◆ Problem statement ◆
Each line below must be set down exactly; omit any image you find.
** Opening Exercise material block **
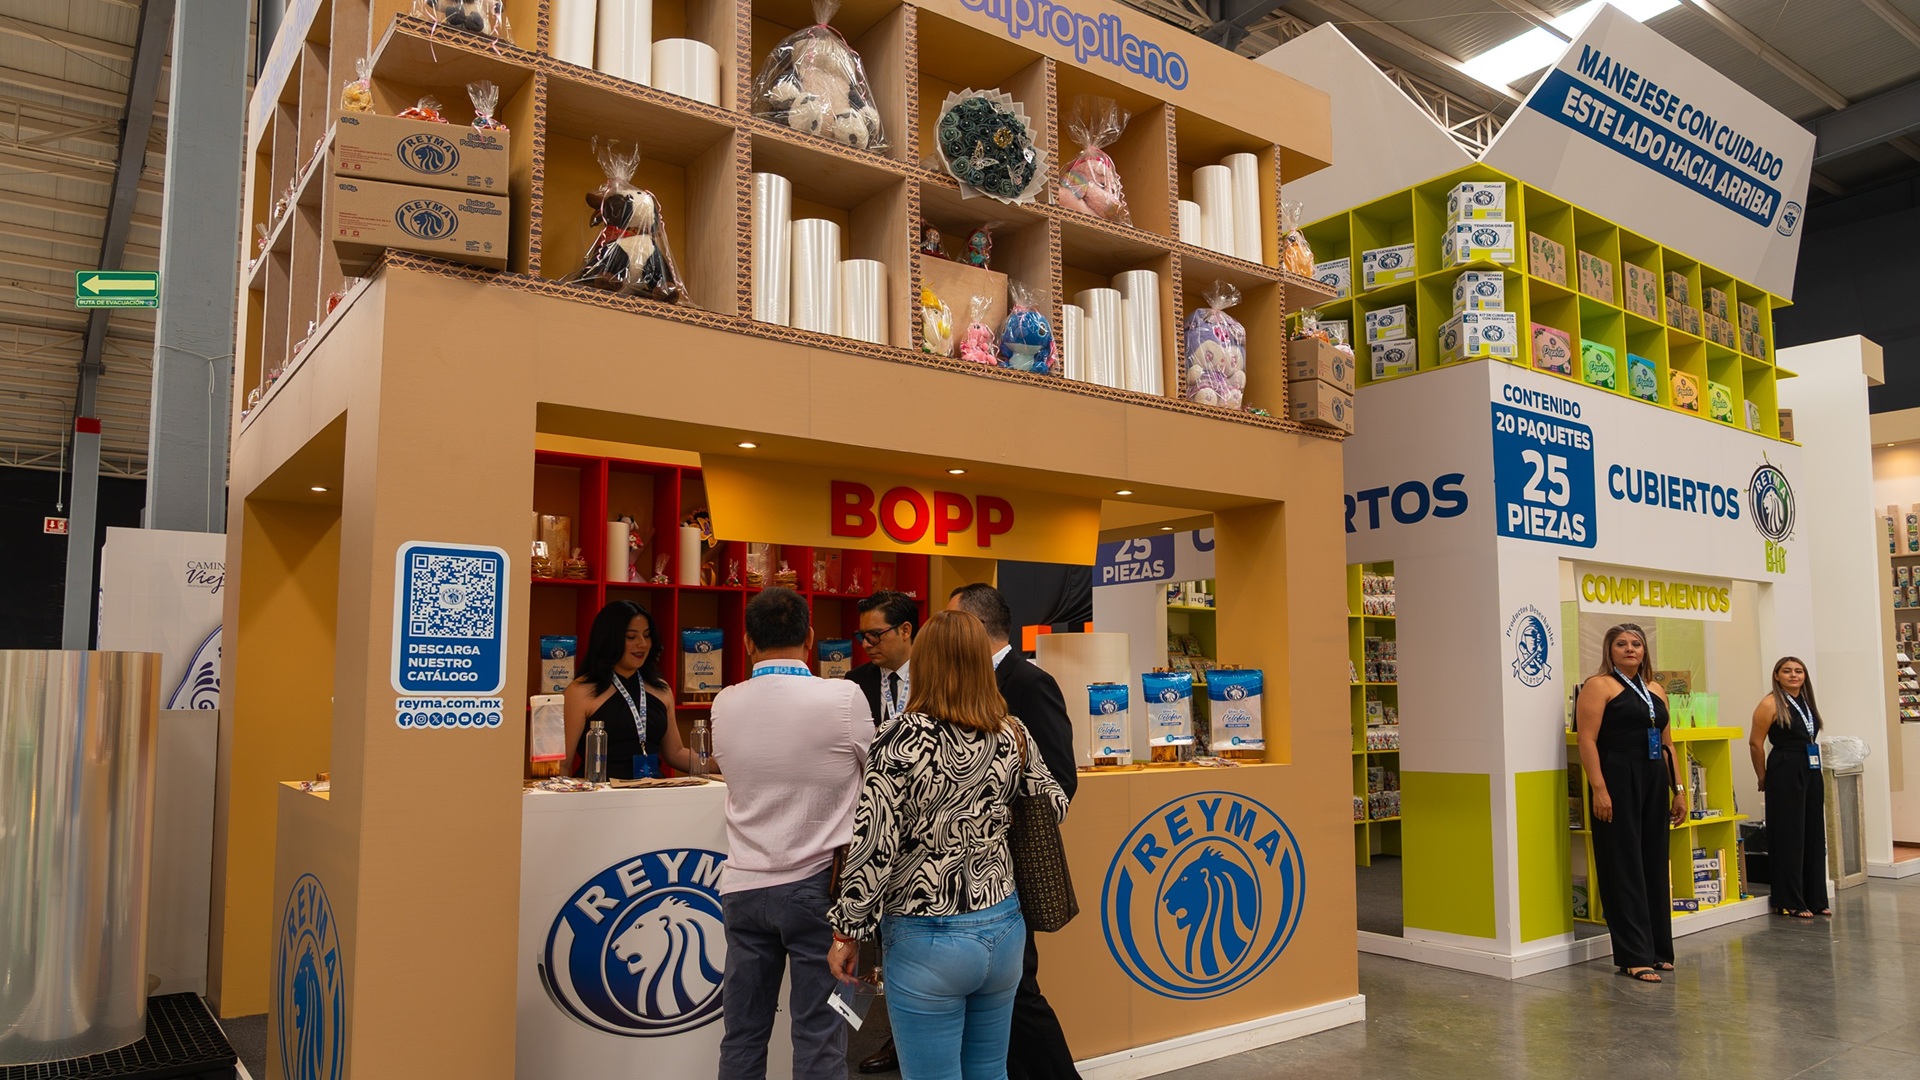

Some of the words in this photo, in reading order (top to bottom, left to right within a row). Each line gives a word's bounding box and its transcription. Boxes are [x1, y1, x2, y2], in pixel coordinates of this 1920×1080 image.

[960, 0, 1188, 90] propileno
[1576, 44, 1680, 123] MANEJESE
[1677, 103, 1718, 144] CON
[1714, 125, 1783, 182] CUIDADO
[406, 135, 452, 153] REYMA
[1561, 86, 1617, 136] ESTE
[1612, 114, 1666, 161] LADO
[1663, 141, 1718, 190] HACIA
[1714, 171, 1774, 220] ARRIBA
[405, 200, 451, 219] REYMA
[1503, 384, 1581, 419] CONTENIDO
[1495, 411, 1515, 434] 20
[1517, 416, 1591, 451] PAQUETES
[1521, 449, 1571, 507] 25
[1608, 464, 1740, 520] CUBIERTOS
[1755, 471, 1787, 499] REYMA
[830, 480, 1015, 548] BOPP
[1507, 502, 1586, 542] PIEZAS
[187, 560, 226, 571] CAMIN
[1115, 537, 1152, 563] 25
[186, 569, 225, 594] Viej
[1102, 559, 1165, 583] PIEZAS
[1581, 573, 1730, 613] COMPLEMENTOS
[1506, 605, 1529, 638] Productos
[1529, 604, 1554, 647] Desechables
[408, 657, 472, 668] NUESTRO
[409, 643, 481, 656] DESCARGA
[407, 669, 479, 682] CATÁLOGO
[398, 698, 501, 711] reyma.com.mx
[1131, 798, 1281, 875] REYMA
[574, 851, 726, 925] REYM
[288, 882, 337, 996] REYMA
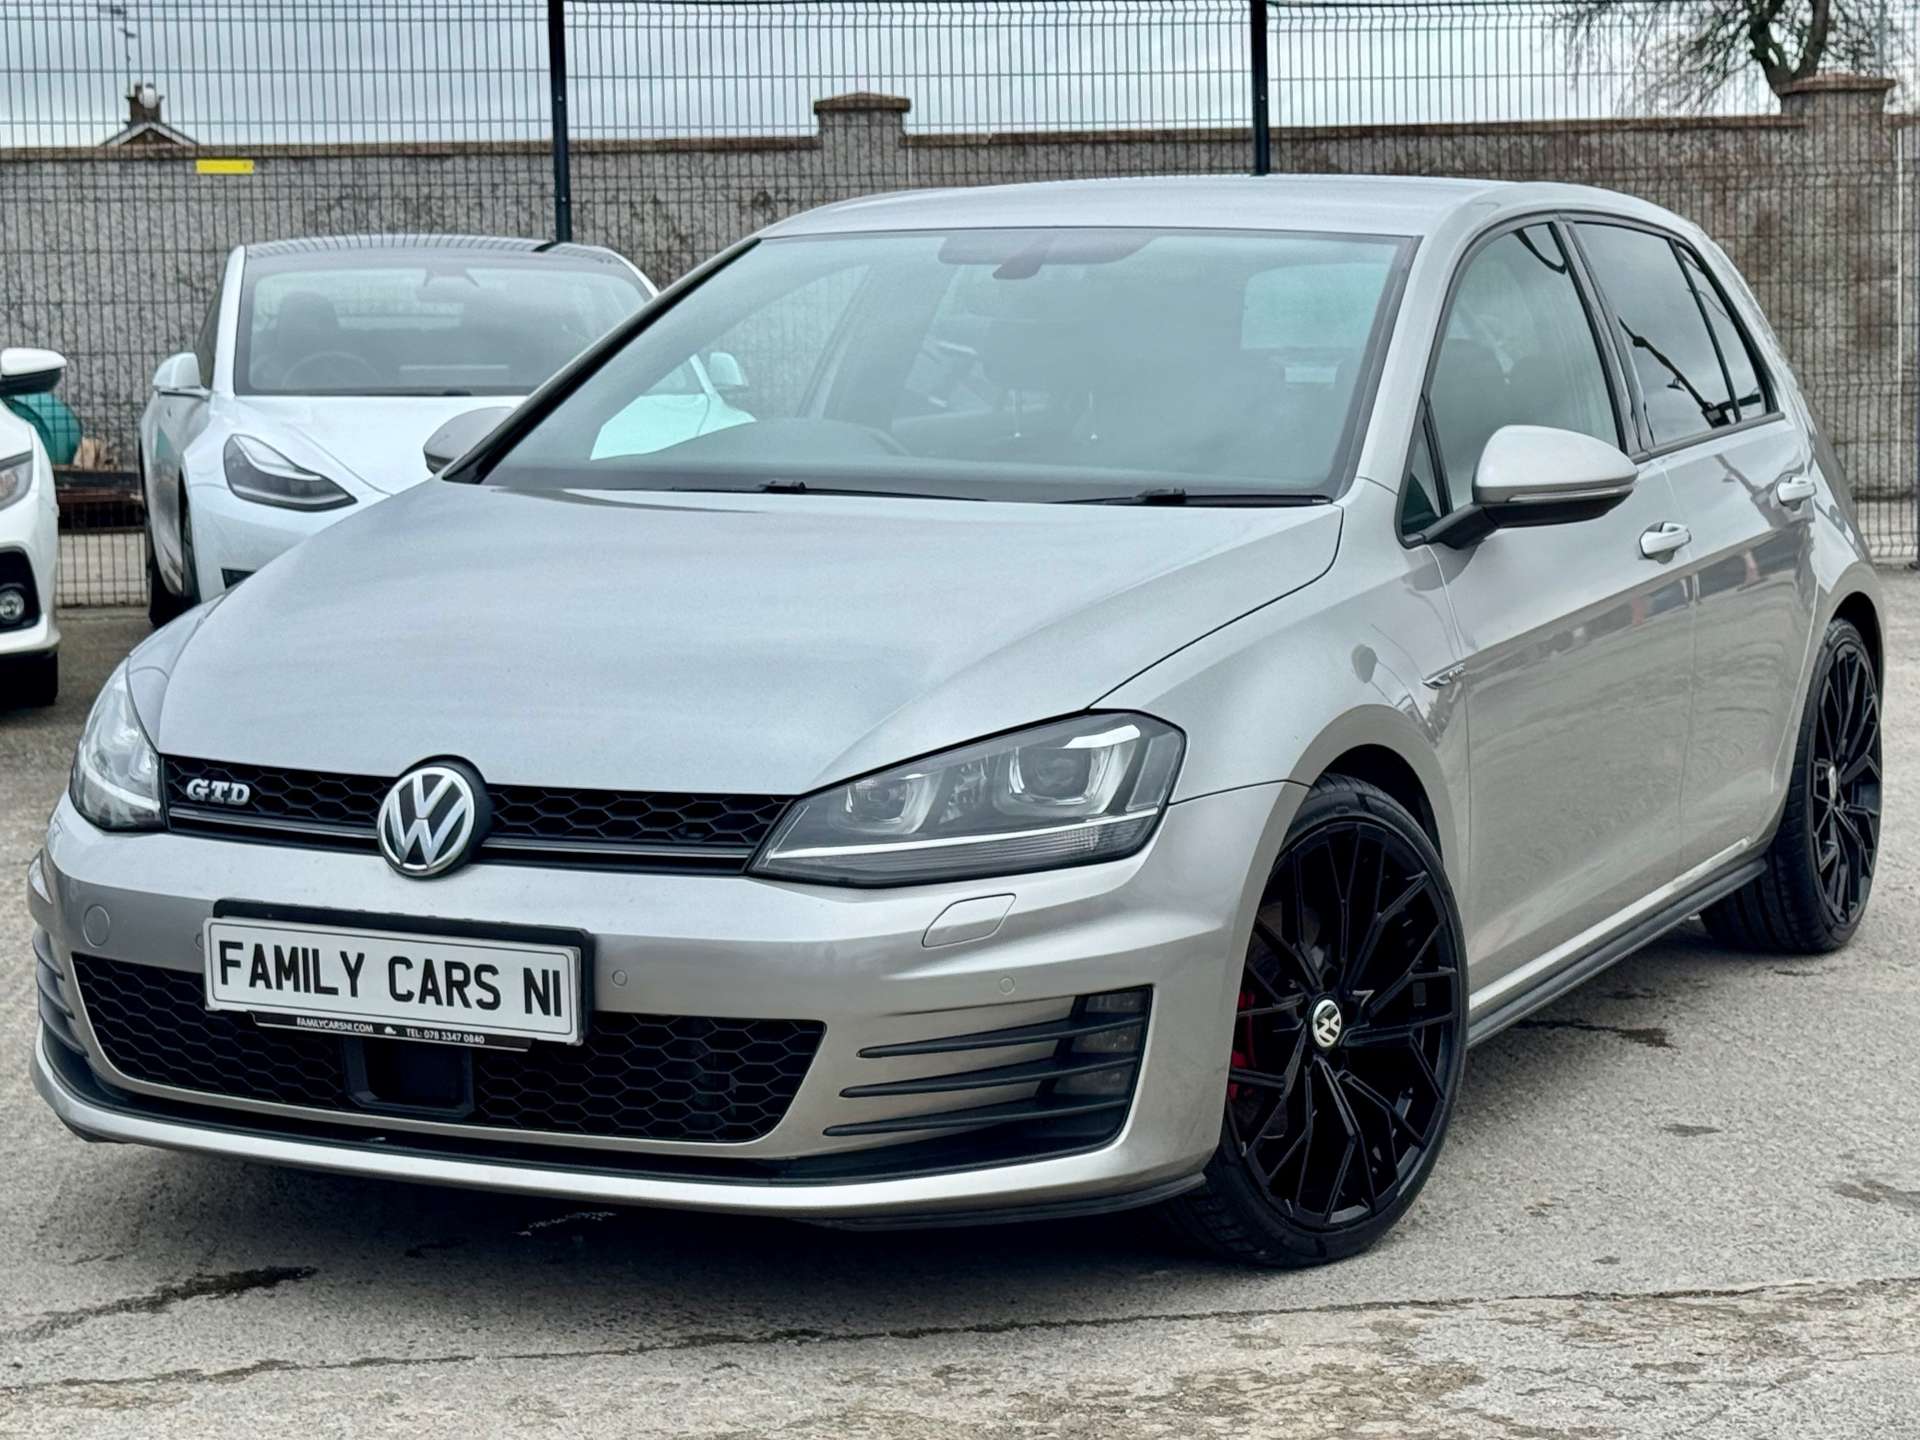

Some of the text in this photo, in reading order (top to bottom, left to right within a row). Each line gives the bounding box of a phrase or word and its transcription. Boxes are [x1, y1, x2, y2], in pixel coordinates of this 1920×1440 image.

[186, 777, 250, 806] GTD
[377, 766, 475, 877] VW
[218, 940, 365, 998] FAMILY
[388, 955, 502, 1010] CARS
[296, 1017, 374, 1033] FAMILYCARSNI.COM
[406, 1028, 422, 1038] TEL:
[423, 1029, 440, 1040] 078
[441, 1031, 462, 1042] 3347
** Closing Exercise material block **
◆ Solution below ◆
Some of the words in this photo, in reading order (top to bottom, left to right within a row). Each line gives a word's bounding box and its transcription. Boxes are [x1, y1, x2, y2], in pixel coordinates of this 1920×1080 image.

[960, 0, 1188, 90] propileno
[1576, 44, 1680, 123] MANEJESE
[1677, 103, 1718, 144] CON
[1714, 125, 1783, 182] CUIDADO
[406, 135, 452, 153] REYMA
[1561, 86, 1617, 136] ESTE
[1612, 114, 1666, 161] LADO
[1663, 141, 1718, 190] HACIA
[1714, 171, 1774, 220] ARRIBA
[405, 200, 451, 219] REYMA
[1503, 384, 1581, 419] CONTENIDO
[1495, 411, 1515, 434] 20
[1517, 416, 1591, 451] PAQUETES
[1521, 449, 1571, 507] 25
[1608, 464, 1740, 520] CUBIERTOS
[1755, 471, 1787, 499] REYMA
[830, 480, 1015, 548] BOPP
[1507, 502, 1586, 542] PIEZAS
[187, 560, 226, 571] CAMIN
[1115, 537, 1152, 563] 25
[186, 569, 225, 594] Viej
[1102, 559, 1165, 583] PIEZAS
[1581, 573, 1730, 613] COMPLEMENTOS
[1506, 605, 1529, 638] Productos
[1529, 604, 1554, 647] Desechables
[408, 657, 472, 668] NUESTRO
[409, 643, 481, 656] DESCARGA
[407, 669, 479, 682] CATÁLOGO
[398, 698, 501, 711] reyma.com.mx
[1131, 798, 1281, 875] REYMA
[574, 851, 726, 925] REYM
[288, 882, 337, 996] REYMA

Some of the text in this photo, in reading order (top to bottom, left to right within a row). Each line gives the bounding box of a phrase or word and its transcription. Boxes are [x1, y1, x2, y2], in pixel coordinates of this 1920×1440 image.

[186, 777, 250, 806] GTD
[377, 766, 475, 877] VW
[218, 940, 365, 998] FAMILY
[388, 955, 502, 1010] CARS
[296, 1017, 374, 1033] FAMILYCARSNI.COM
[406, 1028, 422, 1038] TEL:
[423, 1029, 440, 1040] 078
[441, 1031, 462, 1042] 3347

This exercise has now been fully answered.